Tiene razón Lewis Mumford cuando afirma“si
en el curso de los dos últimos siglos los amos y los señores de la sociedad
creyeron en algo, adoraron algo, eso fue la máquina”[5]…
Ahí nos las vemos…
En las últimas páginas de su libro Latouche renombrará la palabra
progreso; un progreso a la medida del hombre y distante del progreso técnico,
un progreso que, lejos de todo mitologema, se ceñirá a esa perspectiva de lo
humanum de la que hablaron los clásicos. El progreso del alma del pensamiento
clásico, la pronoia[6] con la
que los clásicos indicaban el despliegue del ser. No creo que Latouche se
equivoque. En el espíritu del hombre se resuelve su capacidad de vida.
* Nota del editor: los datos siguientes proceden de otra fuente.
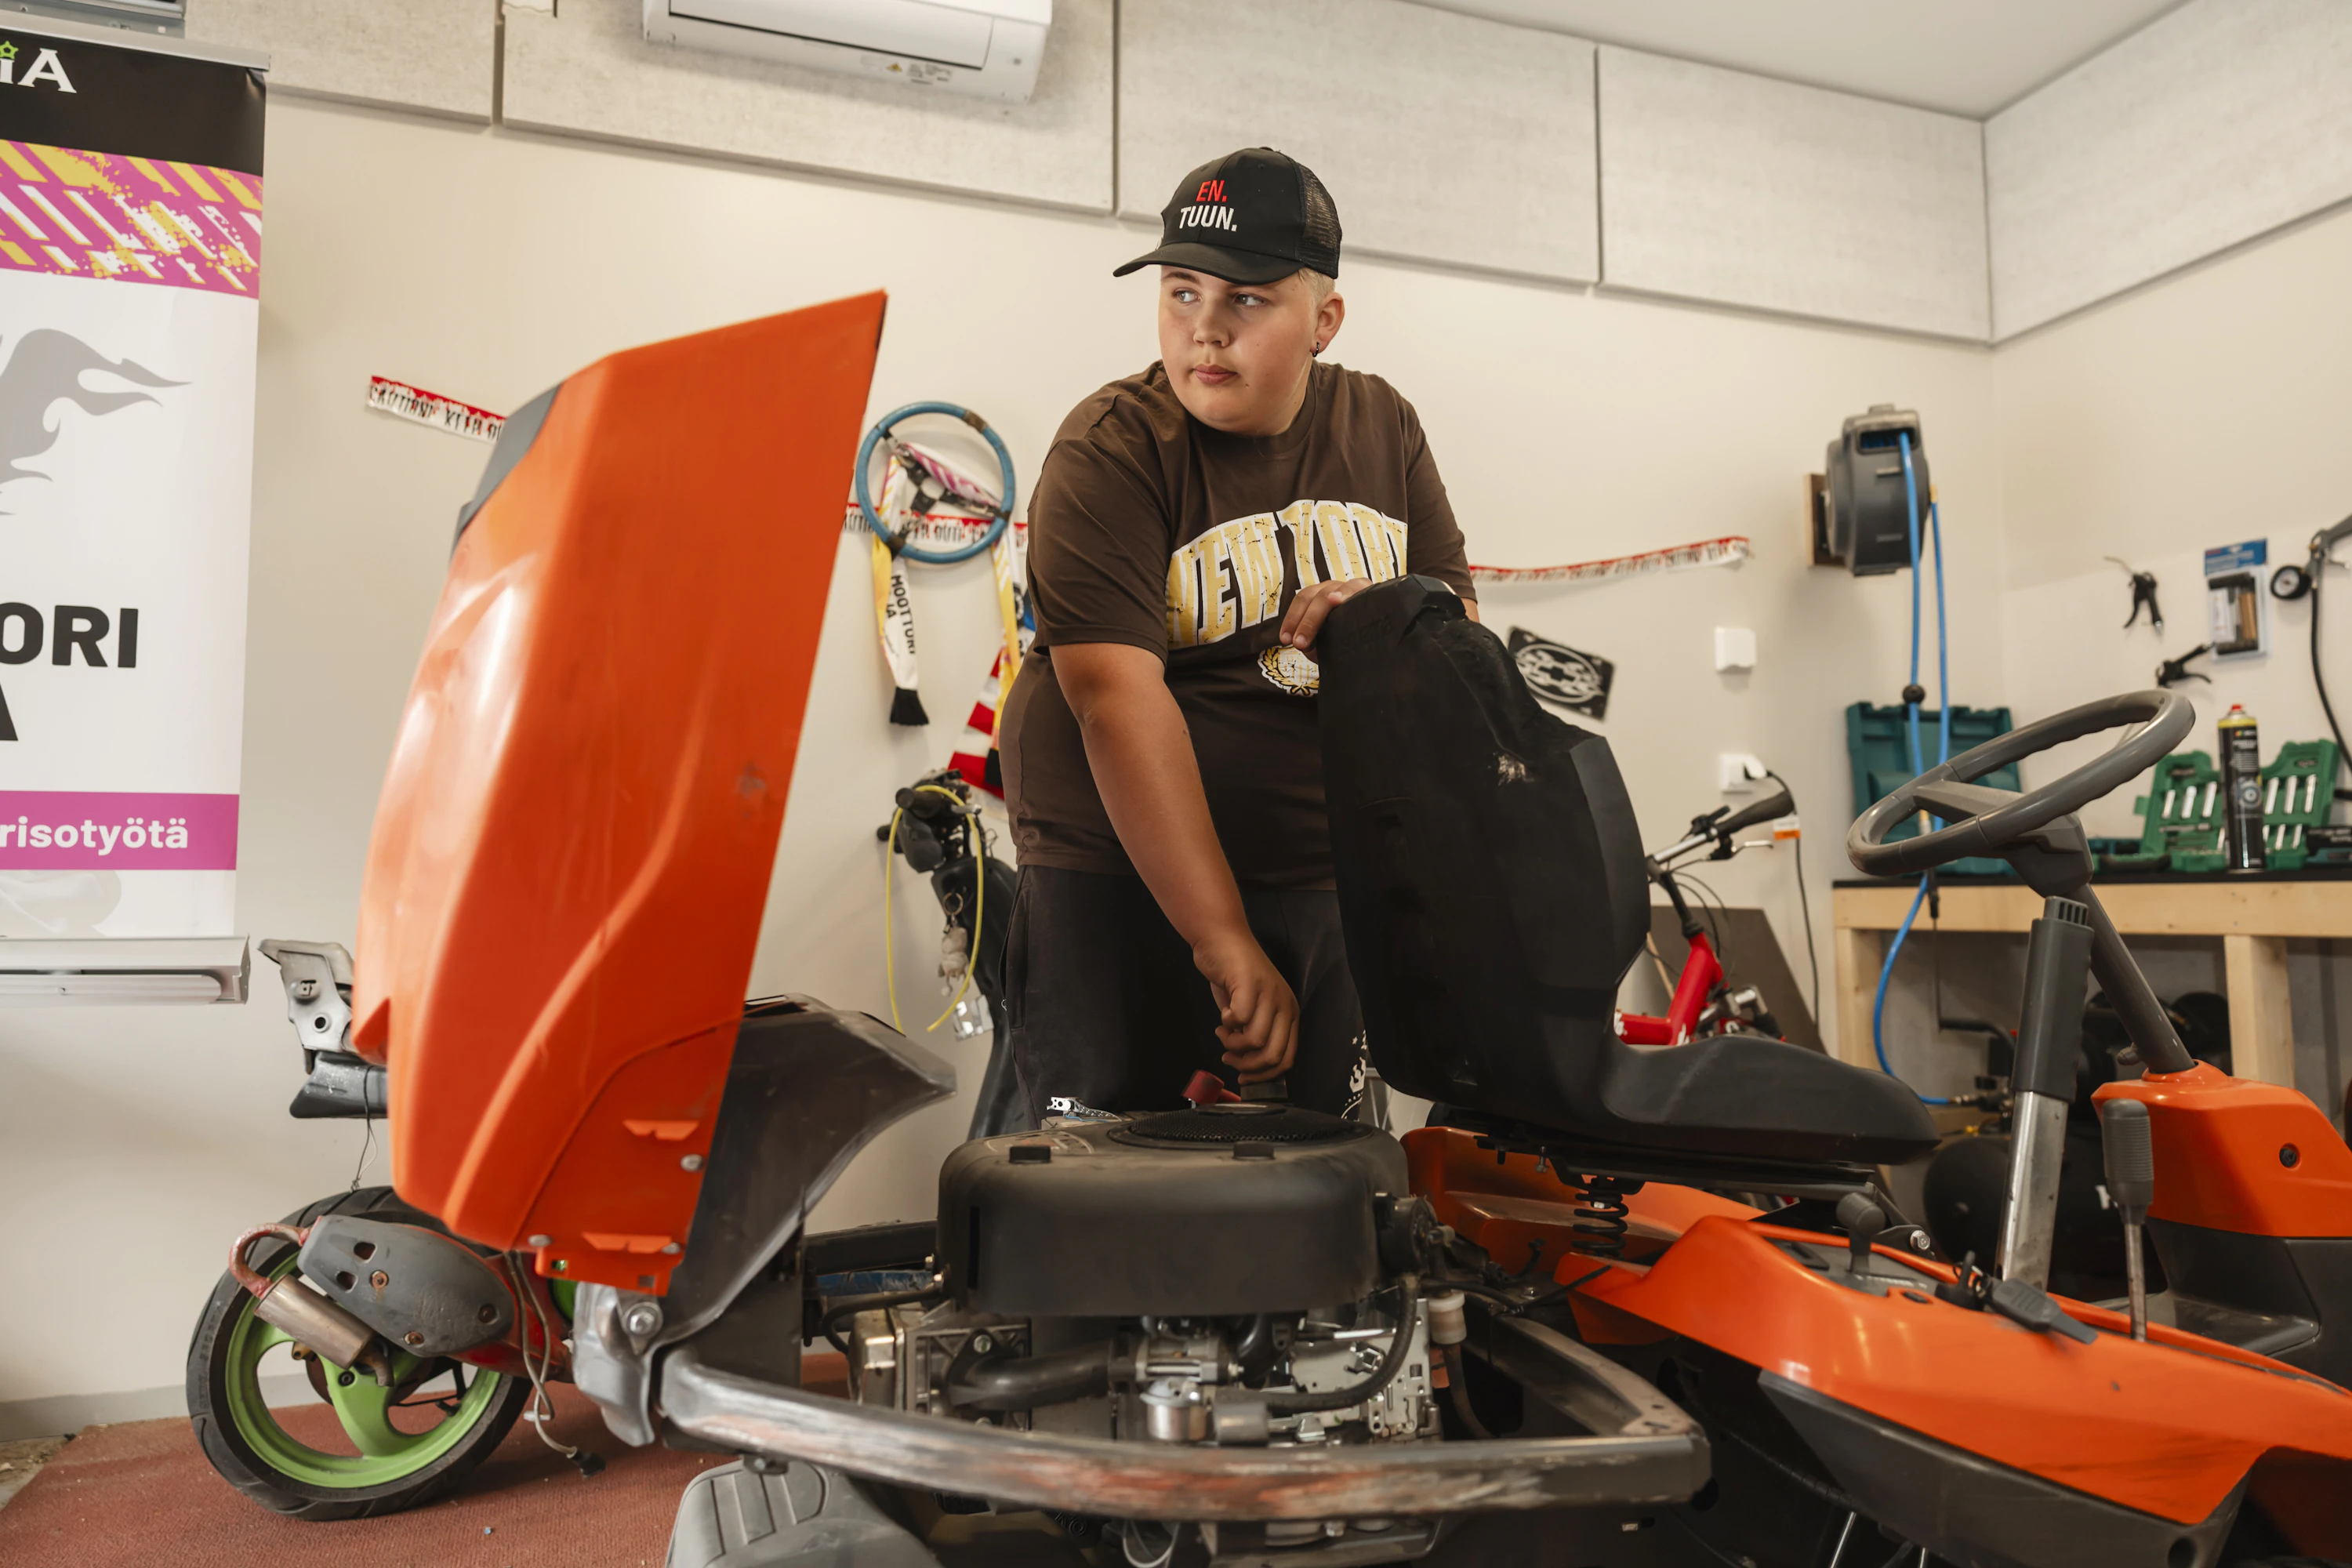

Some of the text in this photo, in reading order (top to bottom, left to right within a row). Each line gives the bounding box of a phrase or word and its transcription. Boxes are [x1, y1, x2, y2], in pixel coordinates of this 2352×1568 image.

[1196, 180, 1228, 202] EN.
[1178, 204, 1238, 233] TUUN.
[1165, 511, 1285, 652] NEW
[0, 601, 140, 669] ORI
[0, 815, 189, 857] risotyötä
En fin,
les recomiendo la lectura de Latouche, una cruel desintoxicación, la expresión
de una disposición bien ajena a los titánicos ritmos de lo mundano, una mirada
capaz de alcanzar ese apocalípsis devenido que nos teje. Antes me he referido a
la existencia de disposiciones básicas que predeterminarían el propio criterio
y la capacidad de juicio político. En el caso de Latouche constatamos una
intensa vocación de fidelidad a la tierra y de escucha de la vida. En las
antípodas de esa nave enfebrecida en su propio fragor y estrépito.
[1] Martin
Heidegger. Ejercitación en el pensamiento filosófico I, 1
[2] Como se
hace evidente esto no quiere decir que, más allá de la mera opinión- no haya
pensamiento político y racionalidad política; ahora bien éste vendrá a
construirse a partir de determinados imaginarios y no pocas veces en conflicto
con los mismos. Hago notar que la racionalidad política tendrá una estrecha relación
con determinados cuestiones de principio que dificilmente serán desligables de
imago mundi específicas. Por lo demás y como se hace evidente cualquier
cuestión de principio no solo puede sino que debe ser sometida a una crítica
racional con el fin de fundamentarla o de cuestionarla.
[3] Para
Aristoteles el llamado sensorium será el que elabore e integre las afecciones sensoriales
resultando las formas sensibles que conocemos.
[4] Considérese
que el mayor tráfico de internet está vinculado con la pornografía y con
imaginerías sexuales que no se traducen en encuentro corporal alguno.
[5]
Technique et civilisation, Le seuil, Paris 1950, pg. 195
[6]
Reveladoramente en griego moderno progreso se dice pronoia. Aunque esta pronoia
de los clásicos bien poco se asemeja al progreso técnico de los ilustrados.